Proprio di natura finanziaria è infatti il coro unito delle dirigenze dei due club meneghini che di fronte alle ultime direttive del Governo, non solo si dicono basiti, ma si professano quanto mai allarmati per il futuro di una filiera che – come ricorda Marotta – aveva "un giro d'affari pre pandemia di quasi 4 miliardi e ne versa all'Erario ogni anno 1,2" e che – rimarca da par suo Scaroni – presenta "un'industria come la nostra che dà lavoro a 300.000 persone". Dunque, "inammissibile"  non aver ricevuto sussidi e sostegni dalle istituzioni con un sistema che "è sull'orlo del baratro. La Serie A e più in generale il calcio italiano sono a rischio default".

Parole di Beppe Marotta, al Sole 24Ore, in cui il dirigente nerazzurro amplia il ventaglio delle difficoltà dell'intero sistema calcistico, involuto in due anni di una pandemia che non accenna ancora a diminuire e lasciare spazio alla normalità. "Avevamo squilibri ben prima del Covid" è la premessa da autoaccusa, da parte di chi conosce bene l'ambiente di cui sta parlando, lavorandoci da oltre 30 anni. Ma non basta il semplice mea culpa di rito. Perché proprio per l'enorme esperienza di cui dispone è lo stesso Marotta a fare il doveroso distinguo: "All'estero i club sono stati supportati economicamente. Nel nostro Paese l'Esecutivo ha concesso al settore solo aiuti col contagocce e ridotto la capienza degli impianti sportivi. Misure che insieme alla pandemia hanno influito pesantemente sui bilanci dei club e che, senza ristori, ora rischiano di mandare letteralmente in default tutto il comparto calcio italiano".

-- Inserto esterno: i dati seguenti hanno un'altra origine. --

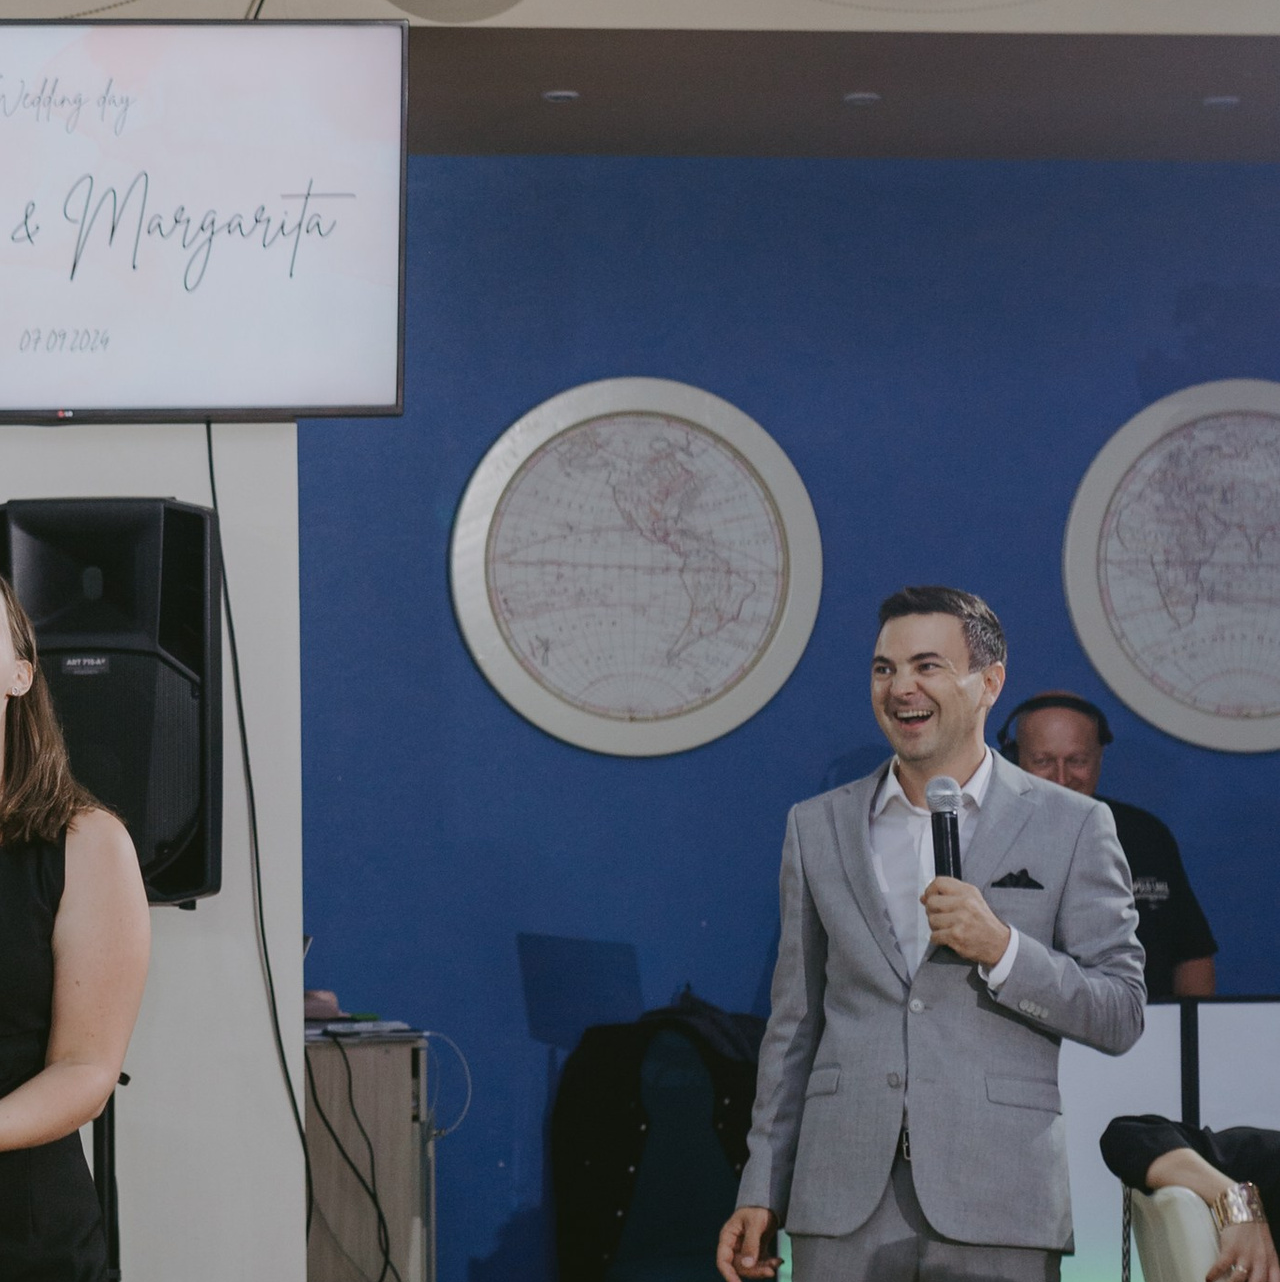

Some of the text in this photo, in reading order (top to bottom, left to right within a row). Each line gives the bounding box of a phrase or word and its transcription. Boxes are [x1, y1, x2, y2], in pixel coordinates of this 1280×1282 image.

Numeri alla mano? Eccoli. "La Francia si prepara ad accogliere il 100% di tifosi, così come avviene già in Inghilterra. Noi siamo qui inchiodati a 5 mila spettatori". E poi ancora: "Prima della pandemia, il sistema calcio che molti pensano sia in mano a ricchi scemi, ha dato 1,2 miliardi all'erario all'anno. In Europa i club vengono sponsorizzati da industrie del betting qui da noi vietate: oltre 100 milioni di contratti volatilizzati" sottolinea ancora Marotta. Cui fa eco l'analisi dura del presidente del Milan: "Non si capisce perché al calcio di vertice si sia deciso di non assegnare nulla: non è ammissibile questo trattamento per un’industria come la nostra che dà lavoro a 300mila addetti".

Dunque, la soluzione. Per i due massimi dirigenti di Inter e Milan la linea era più che chiara ed evidente, ma è stata volutamente ignorata dal Governo: "A differenza di tante altre imprese che hanno dovuto fermarsi e che hanno ottenuto contributi, per noi non c'è nulla" conclude Scaroni "e se saremo costretti a ridimensionarci o a chiudere i battenti sarà un problema per tutti gli italiani". Una minaccia? No, un monito al quale Marotta aggiunge la pronta soluzione: "Mi accontenterei di un ministro dello Sport che concentri poteri e risorse, aiutandoci col dialogo a salvare il calcio e a riformarlo"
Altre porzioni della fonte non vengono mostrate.